- Citizenship: Italy
- Education: MA from IRCAM in 1997. PhD from Stanford University in 2004
- Alma mater: PhD in Computer Based Music Theory and Acoustics from Stanford University
- Occupations: professor and researcher at Technical University of Denmark
- Employer: Technical University of Denmark
- Board member of: Project leader at NordicSMC and President at Sound and Music Computing Network

= Stefania Serafin =

Italian professor

Stefania Serafin is a professor at the Department of Engineering Technology at Technical University of Denmark.

== Education ==
Stefania Serafin completed her master's degree in acoustics, computer science and signal processing applied to music, from IRCAM (Paris) in 1997. Following, she received her PhD in computer-based music theory and acoustics from Stanford University in 2004.

== Career ==
In 2026, Stefania Serafin joined the Technical University of Denmark, Department of Engineering Technology.
In 2018, Stefania Serafin was employed as professor at the Department of Architecture, Design and Media technology at Aalborg University in Copenhagen. Before becoming a professor Serafin worked as an associate professor and lecturer, also at Aalborg University. As a researcher, her focus lies on multisensory experiences applied to health and culture.

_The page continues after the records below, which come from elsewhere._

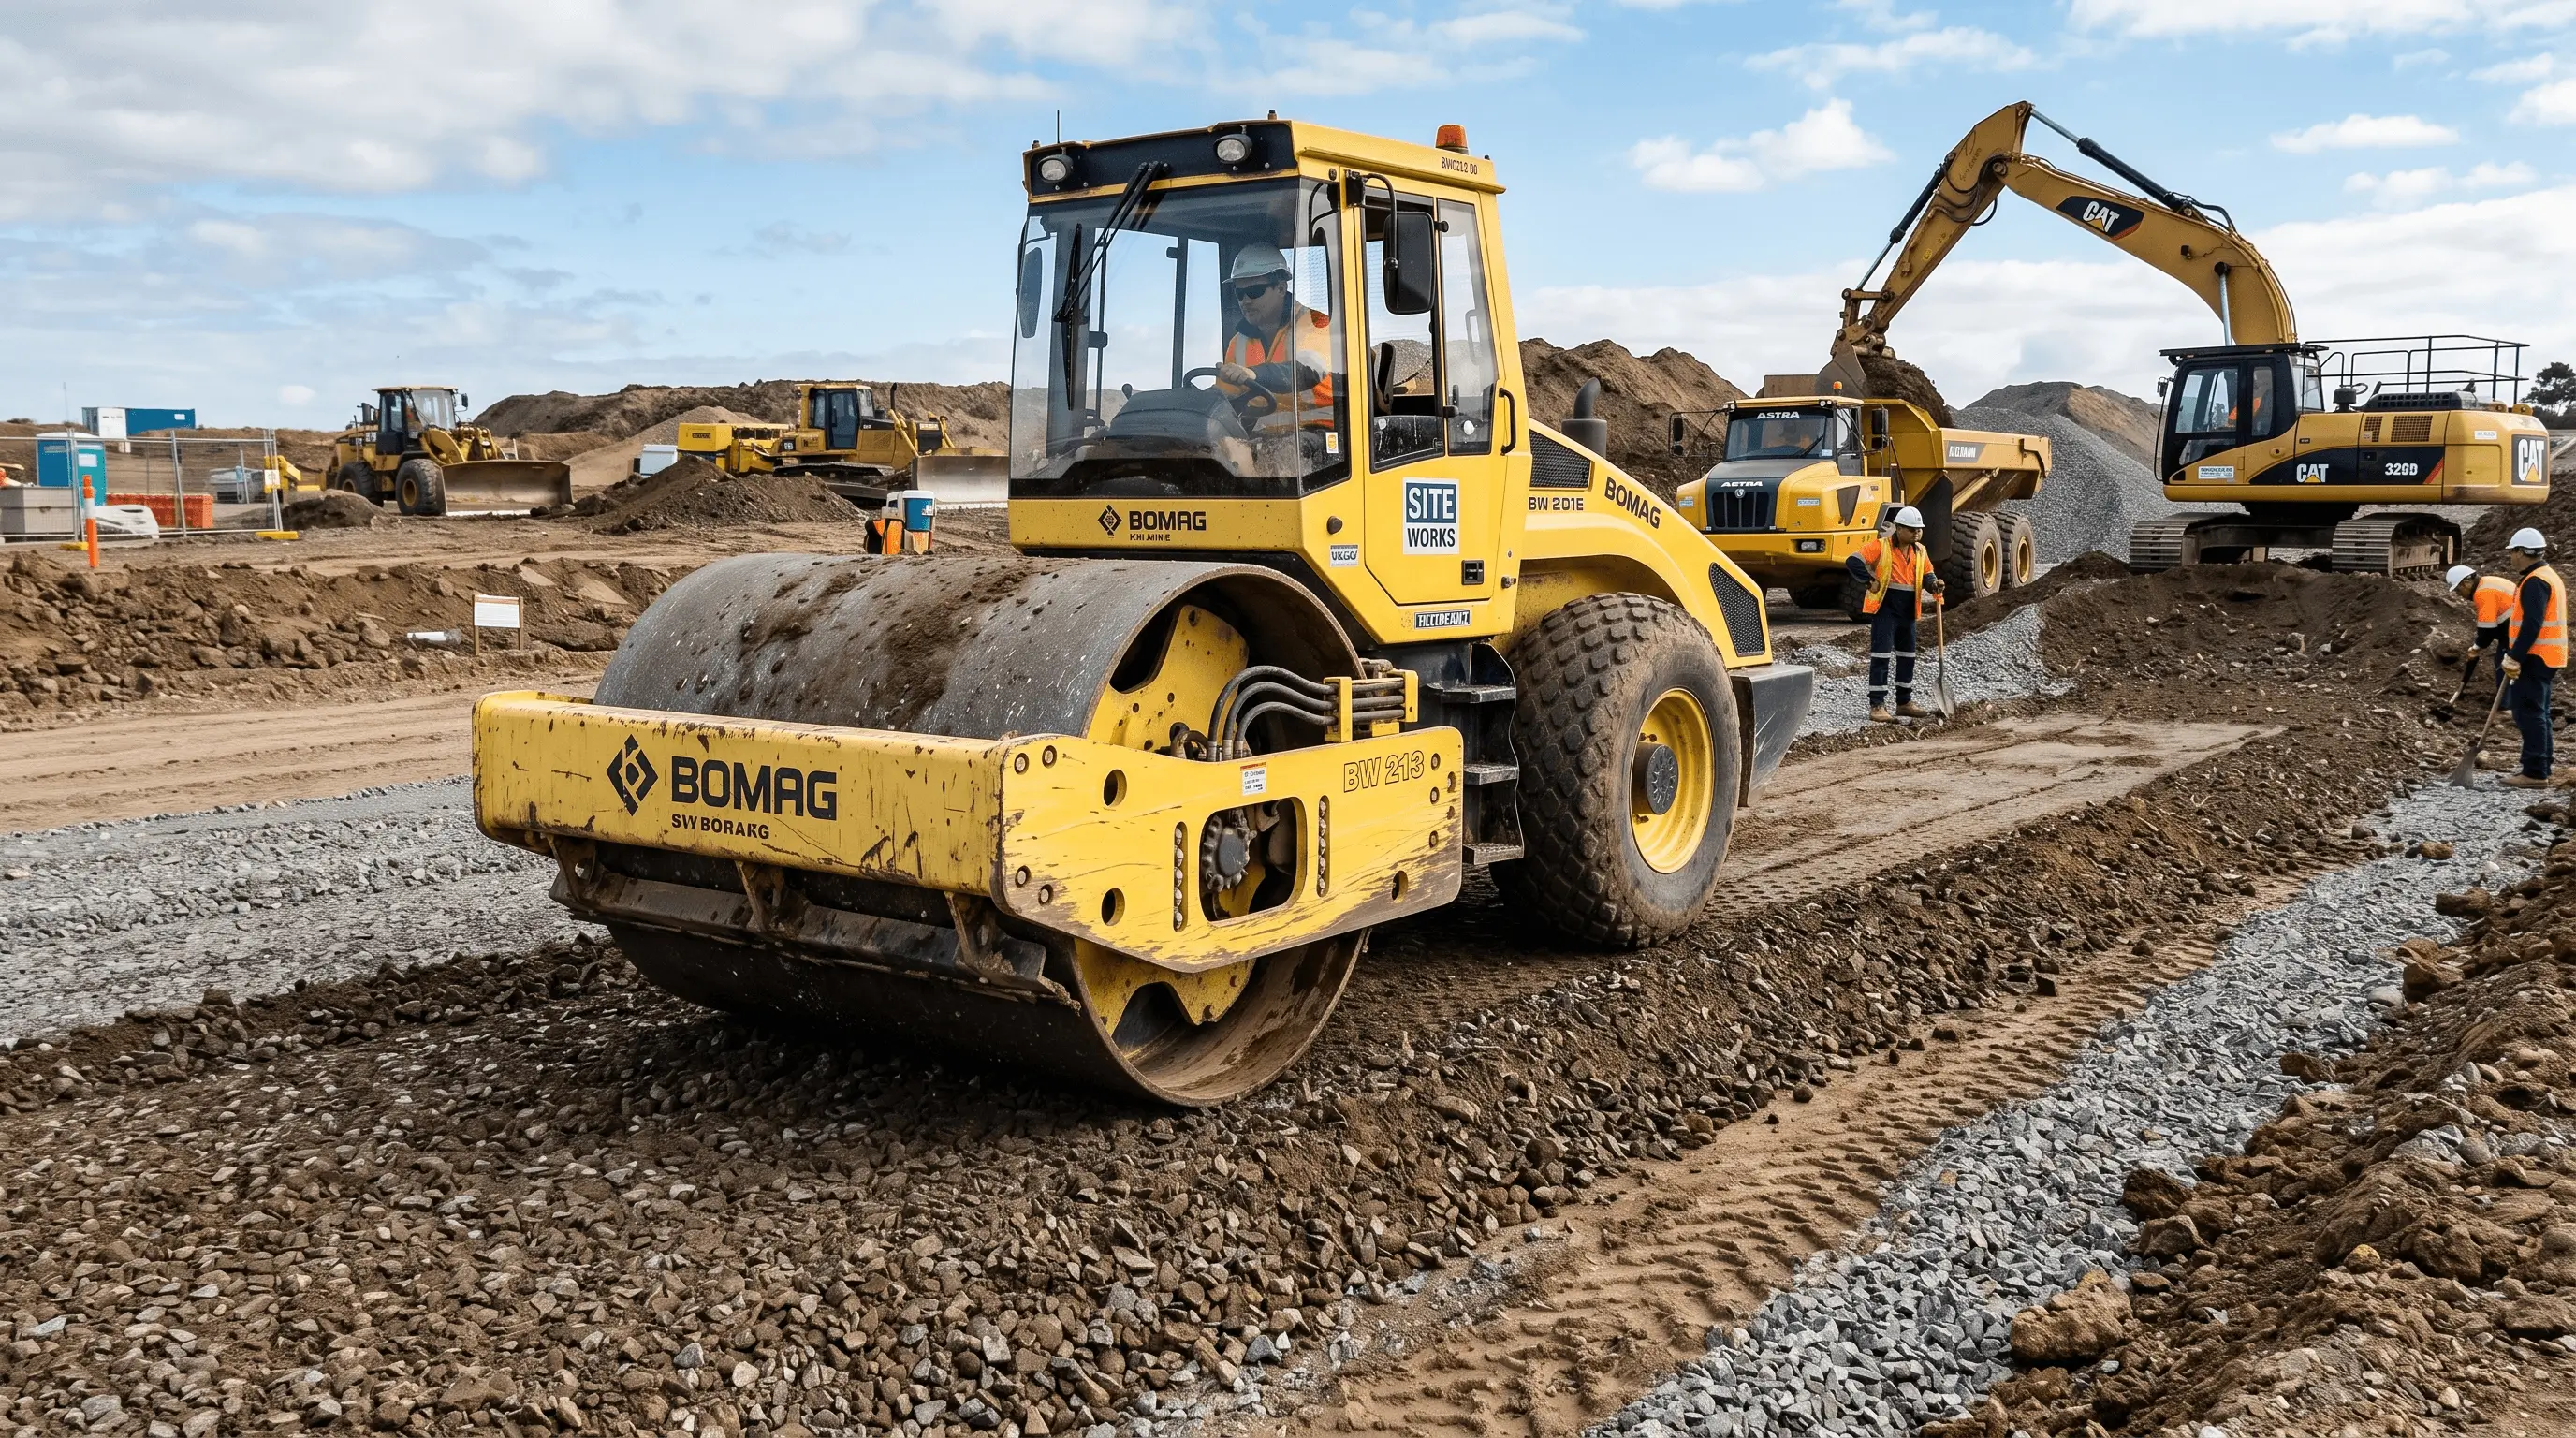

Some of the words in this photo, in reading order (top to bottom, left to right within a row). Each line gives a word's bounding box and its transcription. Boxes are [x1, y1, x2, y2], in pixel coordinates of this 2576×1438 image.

[2082, 200, 2120, 233] CAT
[1756, 411, 1800, 419] ASTRA
[2296, 463, 2329, 483] CAT
[2518, 438, 2545, 482] CAT
[1408, 487, 1455, 520] SITE
[1529, 496, 1548, 511] BW
[1552, 497, 1584, 511] 201E
[1604, 476, 1661, 529] BOMAG
[1129, 510, 1207, 531] BOMAG
[1407, 527, 1456, 548] WORKS
[1343, 756, 1382, 793] BW
[1384, 750, 1425, 785] 213
[671, 756, 838, 821] BOMAG
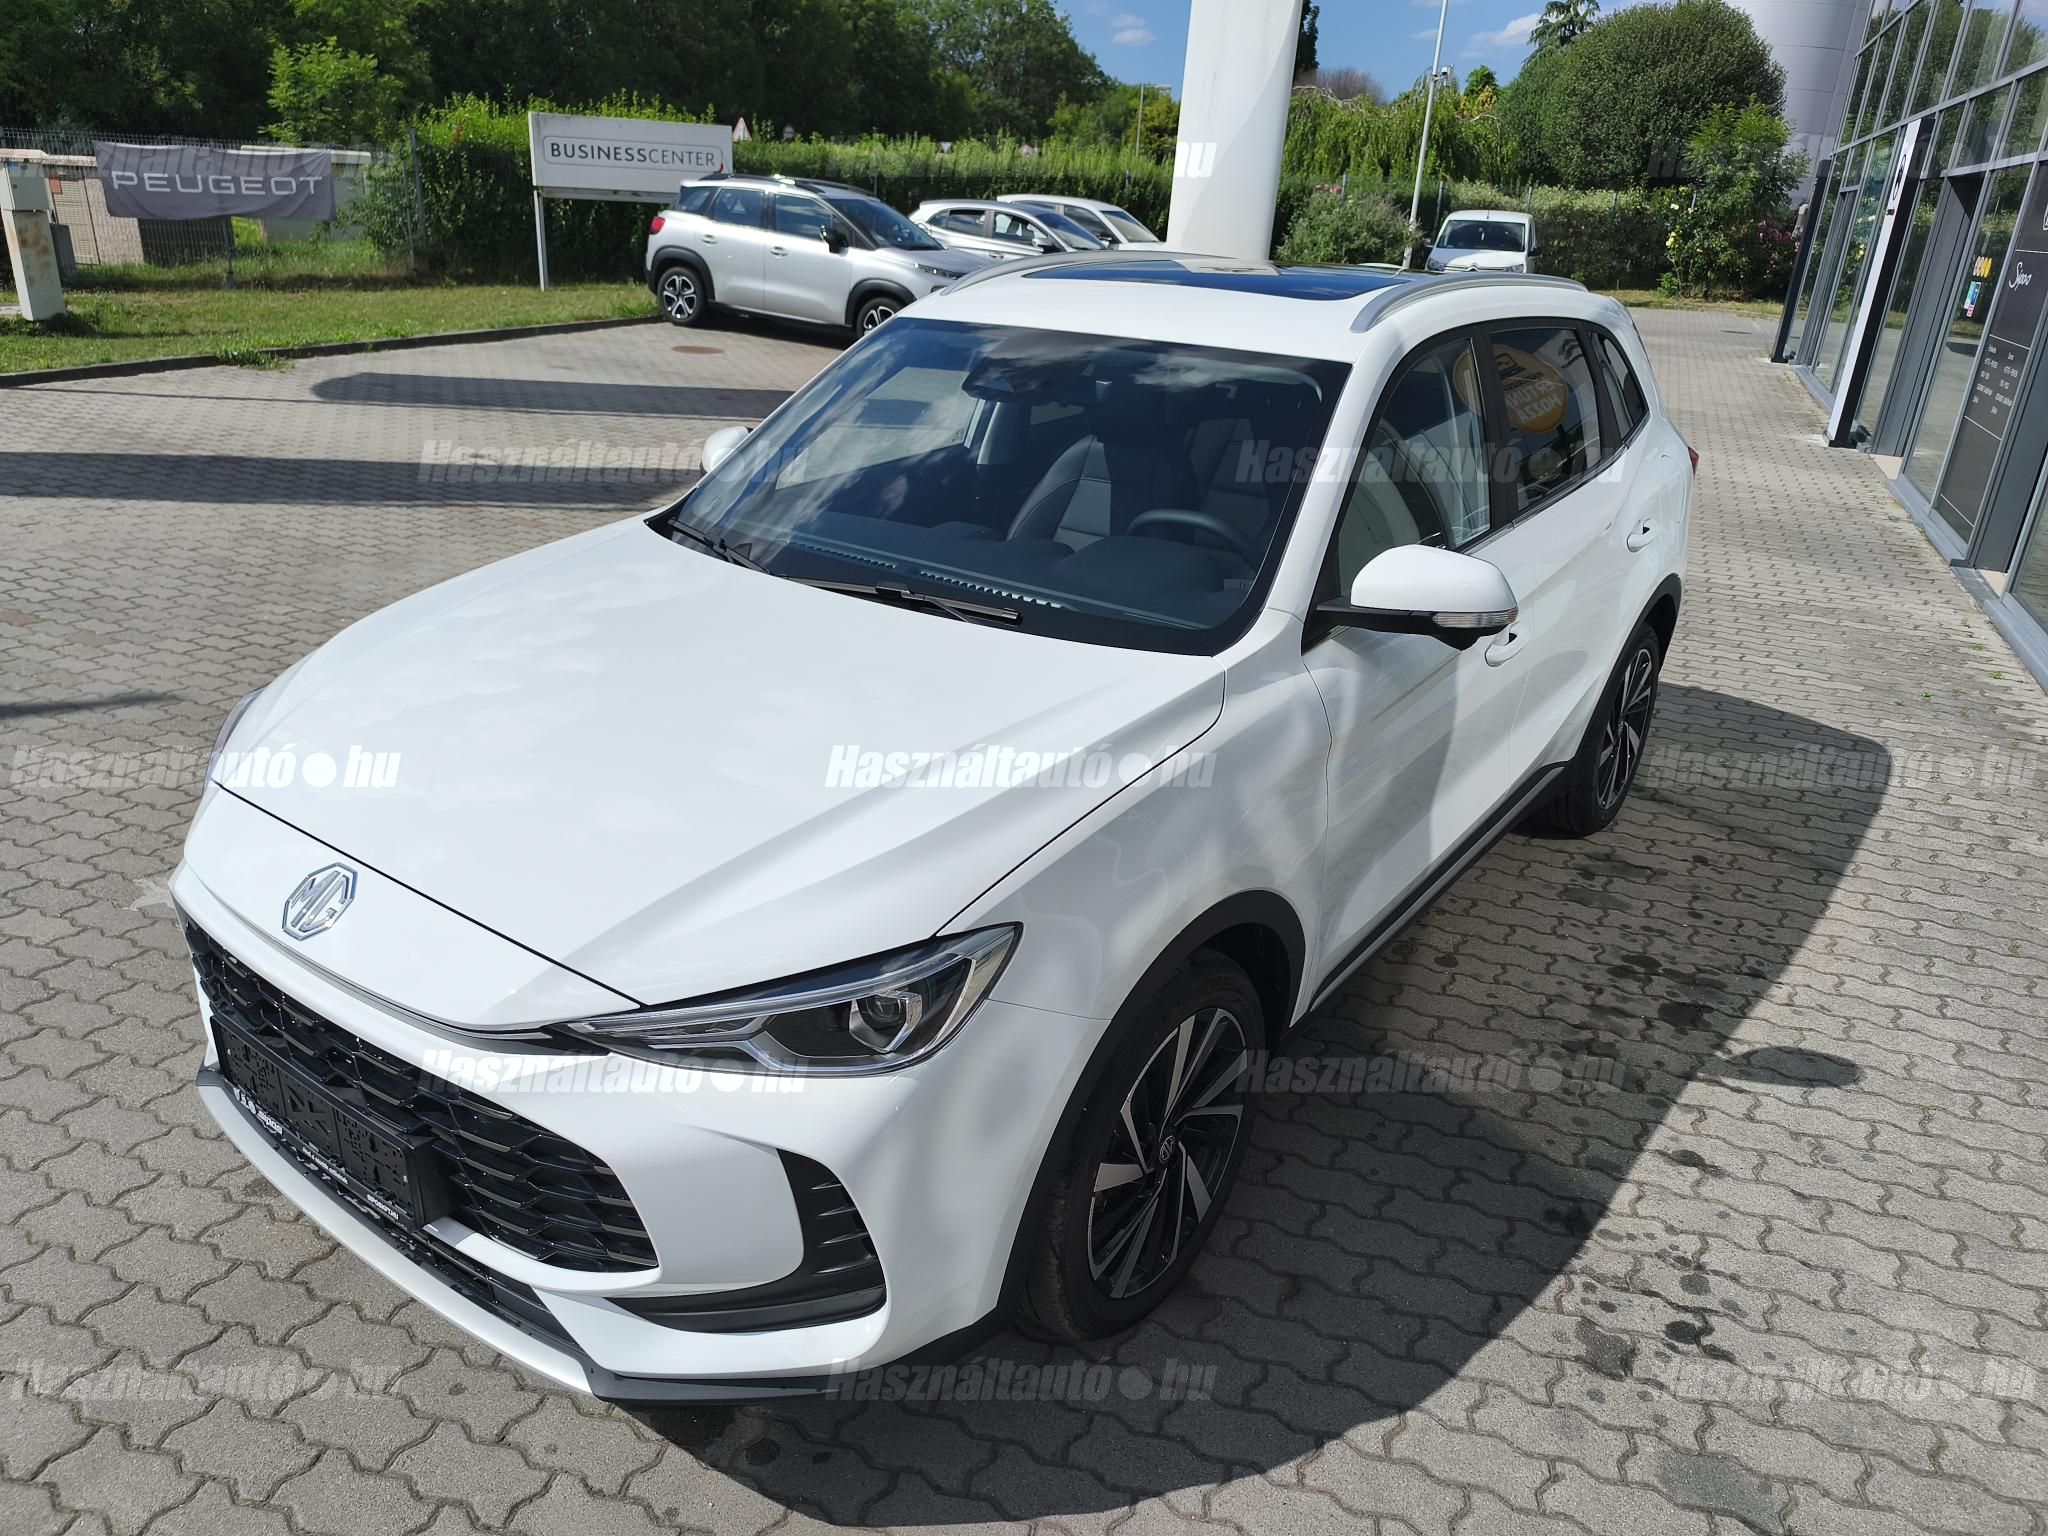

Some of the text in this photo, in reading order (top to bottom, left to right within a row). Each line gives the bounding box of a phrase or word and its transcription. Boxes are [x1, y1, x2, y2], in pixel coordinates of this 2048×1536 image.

[551, 142, 715, 166] BUSINESSCENTER
[112, 170, 323, 196] PEUGEOT
[286, 867, 353, 936] MG

Serafin holds the position as president of the organization, Sound and Music Computing Network, which is a portal for the sound and music computing community. Also, she is the project leader of ‘The Nordic Sound and Music Computing Network (NordicSMC)’, which is a university hub for sound and music computing led by the fields internationally leading researchers from the Nordic countries.

== Selected publications ==
·       F. Avanzini, S. Serafin and D. Rocchesso, "Interactive Simulation of rigid body interaction with friction-induced sound generation," in IEEE Transactions on Speech and Audio Processing, vol. 13, no. 5, pp. 1073–1081, Sept. 2005.

·       Y. Visell, F. Fontana, B.L. Giordano, R. Nordahl, S. Serafin, R. Bresin, Sound design and perception in walking interactions, International Journal of Human-Computer Studies, Volume 67, Issue 11, 2009, Pages 947–959.

·       R. Nordahl, S. Serafin and L. Turchet, "Sound synthesis and evaluation of interactive footsteps for virtual reality applications," 2010 IEEE Virtual Reality Conference (VR), Waltham, MA, 2010, pp. 147–153.

·       L. Turchet, R. Nordahl, S. Serafin, A. Berrezag, S. Dimitrov and V. Hayward, "Audio-haptic physically-based simulation of walking on different grounds," 2010 IEEE International Workshop on Multimedia Signal Processing, Saint Malo, 2010, pp. 269–273.